Libreville, le 9 Juillet 2026 – (Dépêches 241). C’est un marché public comme les autres en apparence, fournitures, Budget 2024, localisation Libreville. Mais l’objet révèle tout : « Acquisition des sacs et trousses scolaires personnalisés de l’essor vers la félicité ». Le slogan du Comité pour la Transition et la Restauration des Institutions (CTRI) imprimé sur des articles scolaires, financé par le Trésor public gabonais à hauteur de 500 millions FCFA. Une opération de propagande habillée en action sociale, et facturée au contribuable à coût de centaines de millions de Francs CFA.

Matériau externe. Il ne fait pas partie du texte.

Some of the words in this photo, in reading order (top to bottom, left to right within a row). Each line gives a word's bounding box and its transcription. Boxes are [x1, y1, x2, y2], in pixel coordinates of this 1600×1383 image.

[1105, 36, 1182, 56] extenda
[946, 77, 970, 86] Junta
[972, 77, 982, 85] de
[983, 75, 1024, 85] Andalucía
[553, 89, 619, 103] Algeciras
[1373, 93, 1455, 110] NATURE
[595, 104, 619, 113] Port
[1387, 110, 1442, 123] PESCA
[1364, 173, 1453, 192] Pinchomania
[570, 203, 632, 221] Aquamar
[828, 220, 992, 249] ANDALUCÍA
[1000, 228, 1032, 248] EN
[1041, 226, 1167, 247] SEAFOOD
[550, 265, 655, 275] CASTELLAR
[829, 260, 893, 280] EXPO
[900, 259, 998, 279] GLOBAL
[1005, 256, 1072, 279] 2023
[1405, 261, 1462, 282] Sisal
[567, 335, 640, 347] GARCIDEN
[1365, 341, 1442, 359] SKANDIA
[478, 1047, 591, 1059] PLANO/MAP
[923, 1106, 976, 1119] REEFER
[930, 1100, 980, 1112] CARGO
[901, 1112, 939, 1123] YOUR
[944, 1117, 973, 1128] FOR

« L’essor vers la félicité » n’est pas un hasard rédactionnel. C’est la formule officielle adoptée par le CTRI pour qualifier son projet de société depuis la prise de pouvoir d’août 2023. La retrouver gravée sur des sacs d’écoliers distribués à la rentrée 2024 transforme la commande publique en outil de conditionnement politique. Des enfants gabonais portent désormais, sans le savoir, la marque d’un régime militaire sur le chemin de l’école, aux frais de leurs parents contribuables.

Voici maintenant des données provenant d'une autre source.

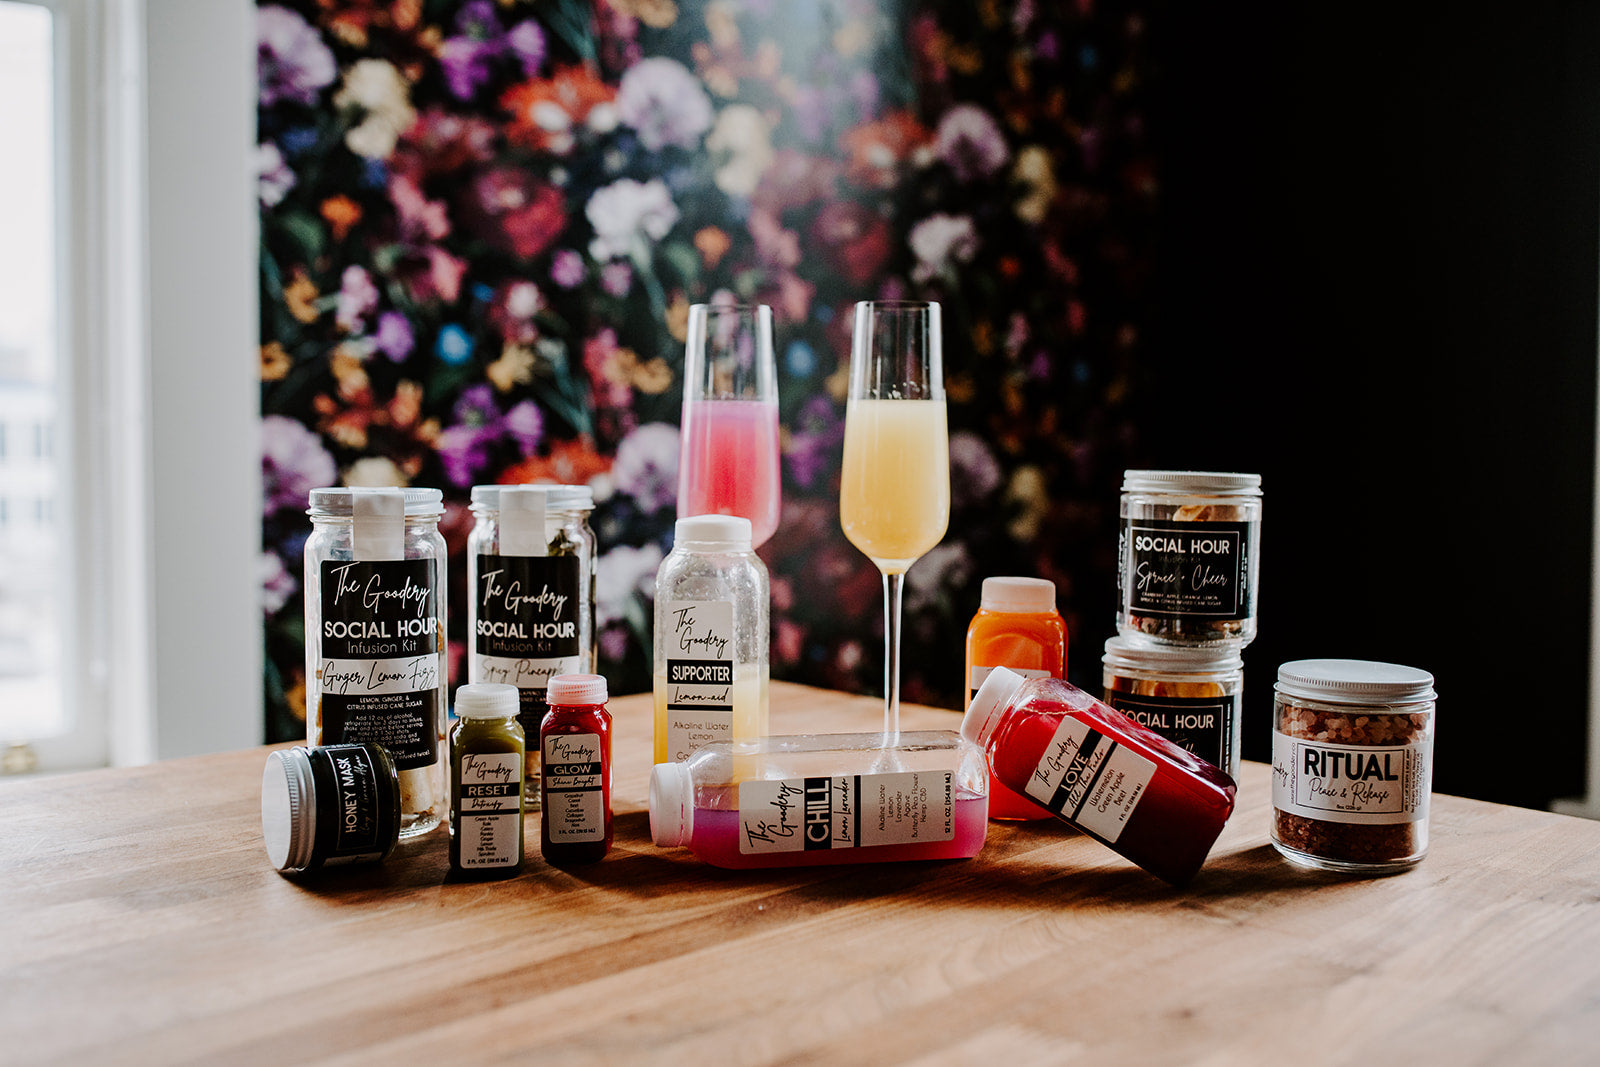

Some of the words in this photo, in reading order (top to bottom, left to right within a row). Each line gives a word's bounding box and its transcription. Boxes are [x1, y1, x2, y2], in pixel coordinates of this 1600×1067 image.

[1135, 535, 1186, 553] SOCIAL
[1191, 539, 1230, 554] HOUR
[331, 561, 360, 606] The
[363, 574, 431, 618] Goodery
[1136, 561, 1176, 592] Spruce
[1191, 564, 1228, 591] Cheer
[481, 569, 504, 606] The
[504, 580, 568, 621] Goodery
[324, 621, 391, 639] SOCIAL
[397, 617, 438, 638] HOUR
[477, 619, 528, 639] SOCIAL
[533, 622, 576, 639] HOUR
[673, 606, 696, 633] The
[348, 641, 398, 654] Infusion
[402, 639, 417, 652] Kit
[492, 639, 533, 652] Infusion
[537, 639, 552, 651] Kit
[680, 626, 729, 659] Goodery
[322, 661, 364, 695] Ginger
[367, 661, 406, 690] Lemon
[672, 665, 730, 682] SUPPORTER
[405, 700, 423, 708] SUGAR
[674, 686, 729, 703] Lemon-aid
[673, 721, 703, 730] Alkaline
[705, 722, 729, 730] Water
[1175, 715, 1214, 729] HOUR
[549, 736, 563, 755] The
[562, 743, 595, 761] Goodery
[688, 732, 714, 740] Lemon
[336, 757, 355, 787] MASK
[464, 755, 479, 775] The
[477, 761, 514, 783] Goodery
[554, 764, 592, 775] GLOW
[1034, 766, 1051, 787] The
[1046, 736, 1079, 772] Goodery
[1061, 753, 1089, 792] LOVE
[1304, 748, 1399, 781] RITUAL
[468, 785, 510, 796] RESET
[552, 777, 572, 786] Shine
[573, 776, 596, 787] Bright
[1069, 789, 1082, 809] All
[1078, 772, 1091, 790] The
[1089, 769, 1115, 807] Watermelon
[1097, 793, 1112, 813] Green
[1111, 772, 1125, 794] Apple
[1308, 777, 1338, 801] Peace
[1340, 788, 1347, 798] &
[1351, 781, 1389, 805] Release
[767, 782, 803, 837] Goodery
[833, 778, 852, 815] Lavender
[1113, 790, 1127, 806] Beet
[344, 791, 357, 833] HONEY
[807, 780, 830, 842] CHILL
[745, 820, 775, 848] The
[833, 815, 852, 842] Lemon
[911, 812, 919, 838] Butterfly

Quand le slogan d’un régime s’invite dans les cartables
Le procédé n’est pas nouveau en Afrique centrale. Des régimes de transition ont régulièrement utilisé les campagnes de distribution scolaire pour ancrer leur image dans les ménages les plus vulnérables. Cahiers, uniformes, kits alimentaires, les vecteurs varient, la logique reste la même. Substituer la visibilité à la légitimité. Mais au Gabon, en 2024, ce glissement s’opère à travers un instrument budgétaire d’État, avec une autorité contractante identifiée et un montant traçable. La différence est documentaire.
Une entente directe pour un demi-milliard de FCFA
Ce qui aggrave le tableau, c’est l’absence totale de mise en concurrence. Le marché a été attribué en entente directe à TOTALE COMMUNICATION, sans appel d’offres, sans publication préalable, sans évaluation comparative. Dans un contexte où le Gabon négocie un programme avec le FMI et affiche des efforts de rationalisation budgétaire, dépenser un demi-milliard en gré à gré pour des articles de propagande envoie un signal dévastateur sur la réalité de la discipline budgétaire affichée par les autorités actuelles.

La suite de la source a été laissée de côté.